··· INPUT RECORDS ···
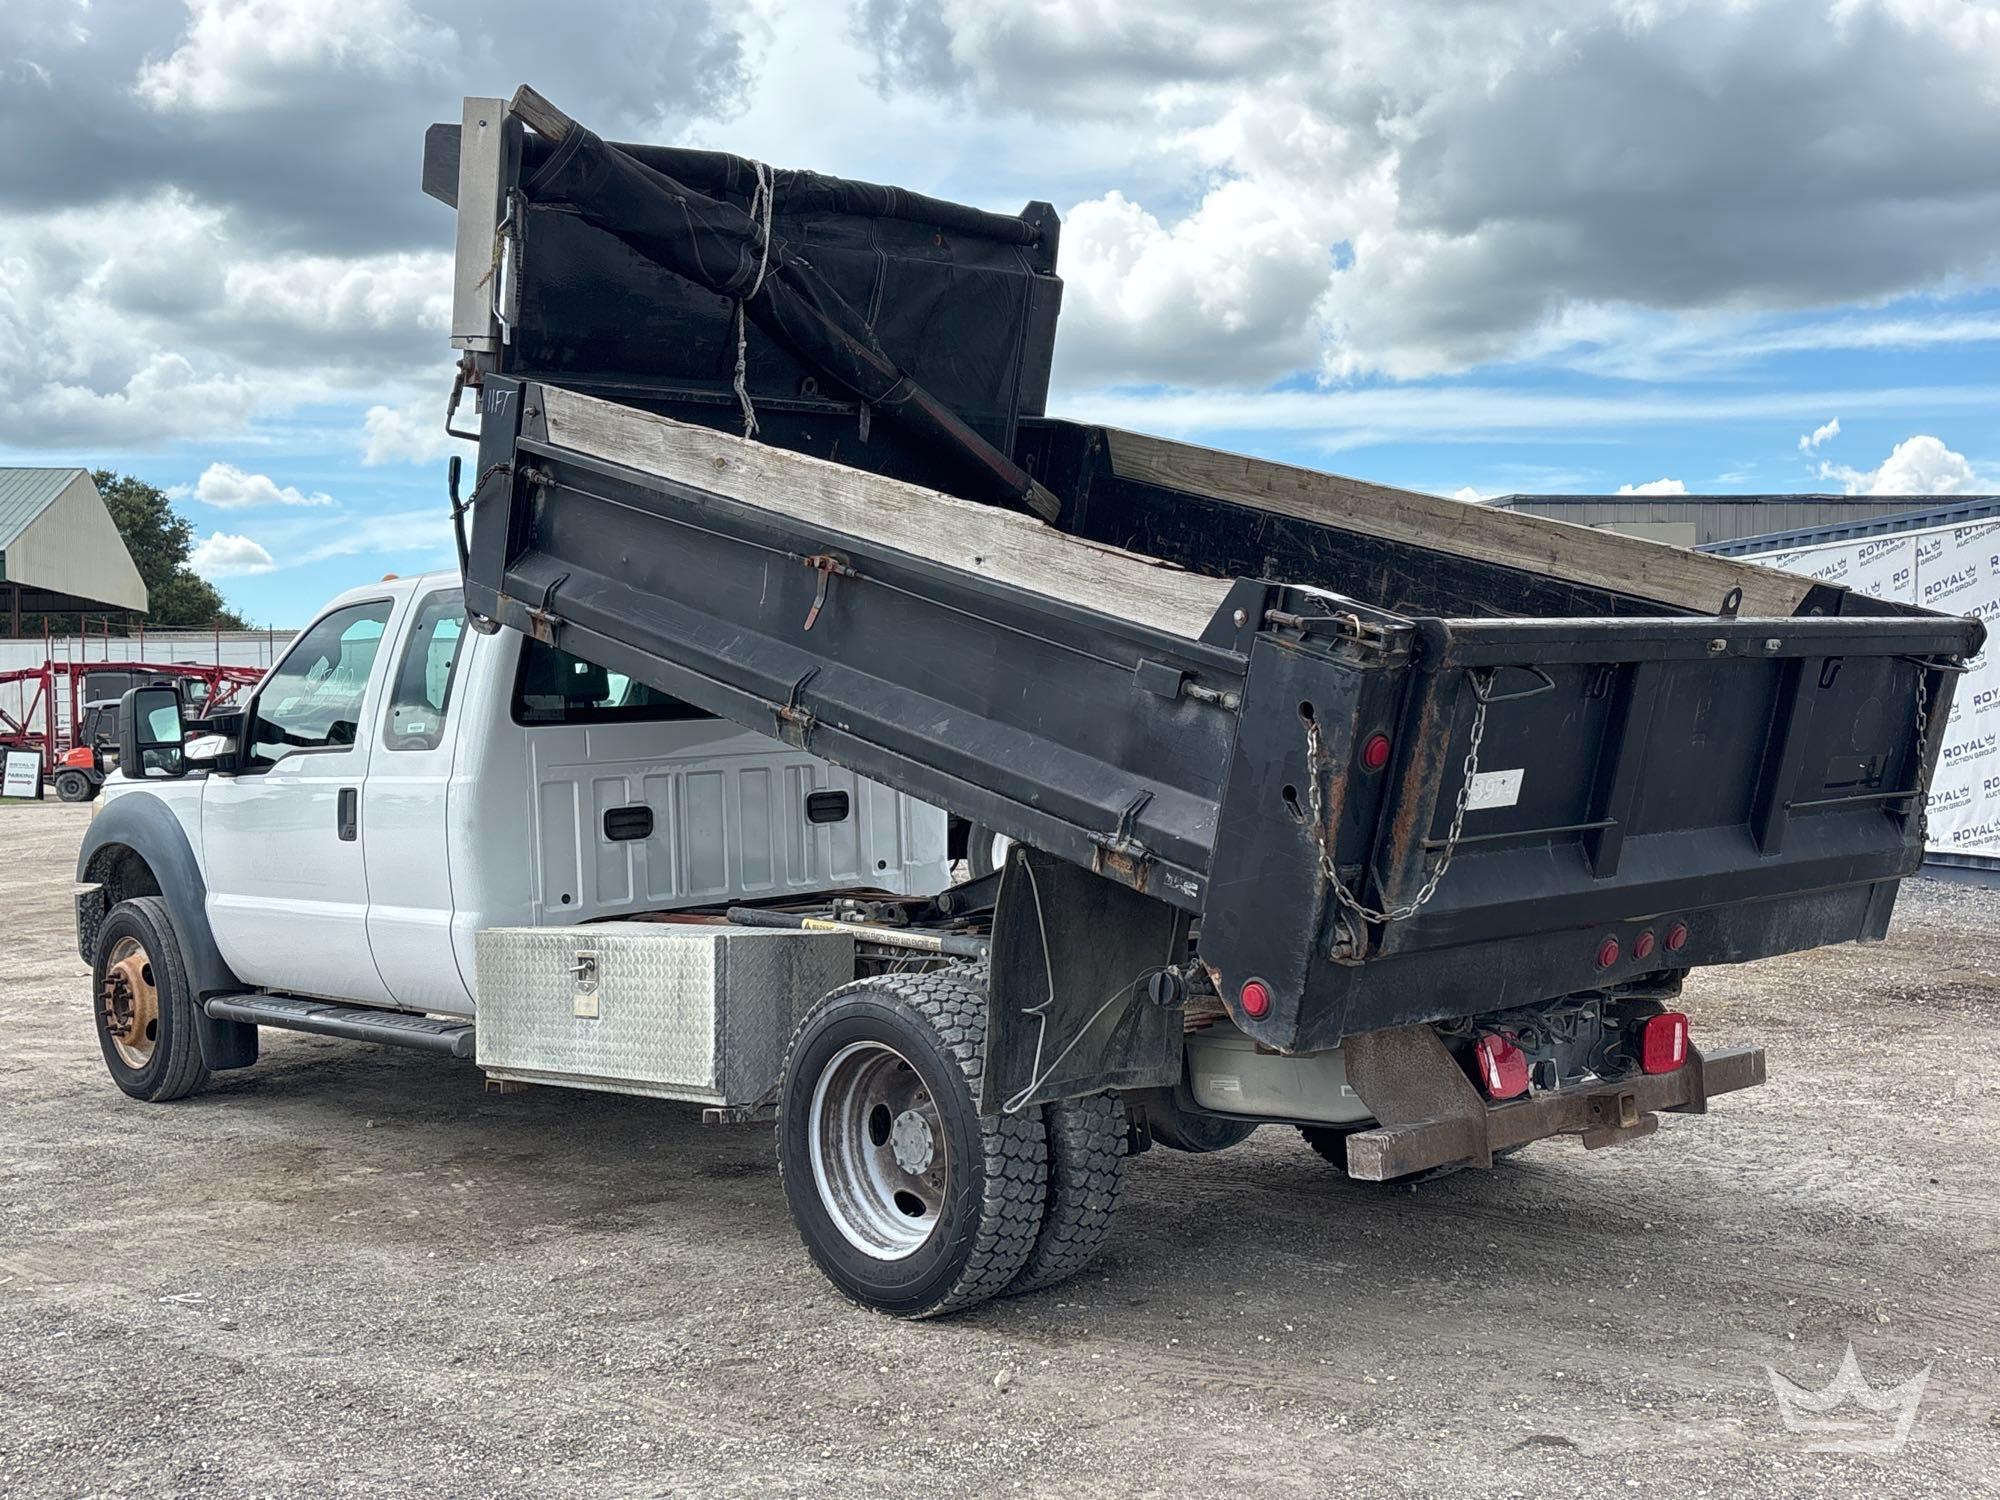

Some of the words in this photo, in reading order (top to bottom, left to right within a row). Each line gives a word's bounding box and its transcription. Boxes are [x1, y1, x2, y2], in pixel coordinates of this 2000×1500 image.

[1956, 530, 1986, 549] AUCTION
[1985, 523, 2000, 535] GRO
[1860, 551, 1886, 568] AUCTION
[1885, 540, 1906, 555] GROUP
[1920, 550, 1943, 566] GROUP
[1811, 563, 1838, 579] OYAL
[1893, 579, 1910, 591] AUCT
[1924, 572, 1966, 597] ROYAL
[1926, 588, 1955, 605] AUCTION
[1954, 577, 1978, 593] GROUP
[1963, 598, 2000, 618] OYA
[1973, 687, 2000, 707] ROY
[1943, 738, 1985, 760] ROYAL
[1945, 753, 1974, 768] AUCTION
[1974, 746, 1998, 760] GROUP
[1926, 803, 1949, 815] CTION
[1949, 797, 1971, 811] GROUP
[1927, 789, 1960, 806] OYAL
[1953, 822, 1995, 843] ROYAL
···
Please keep every line of the data the same when you reproduce it, and keep every picture out.

RESPONSE BOX ->
Some of the words in this photo, in reading order (top to bottom, left to right within a row). Each line gives a word's bounding box and its transcription. Boxes are [x1, y1, x2, y2], in pixel coordinates of this 2000×1500 image.

[1956, 530, 1986, 549] AUCTION
[1985, 523, 2000, 535] GRO
[1860, 551, 1886, 568] AUCTION
[1885, 540, 1906, 555] GROUP
[1920, 550, 1943, 566] GROUP
[1811, 563, 1838, 579] OYAL
[1893, 579, 1910, 591] AUCT
[1924, 572, 1966, 597] ROYAL
[1926, 588, 1955, 605] AUCTION
[1954, 577, 1978, 593] GROUP
[1963, 598, 2000, 618] OYA
[1973, 687, 2000, 707] ROY
[1943, 738, 1985, 760] ROYAL
[1945, 753, 1974, 768] AUCTION
[1974, 746, 1998, 760] GROUP
[1926, 803, 1949, 815] CTION
[1949, 797, 1971, 811] GROUP
[1927, 789, 1960, 806] OYAL
[1953, 822, 1995, 843] ROYAL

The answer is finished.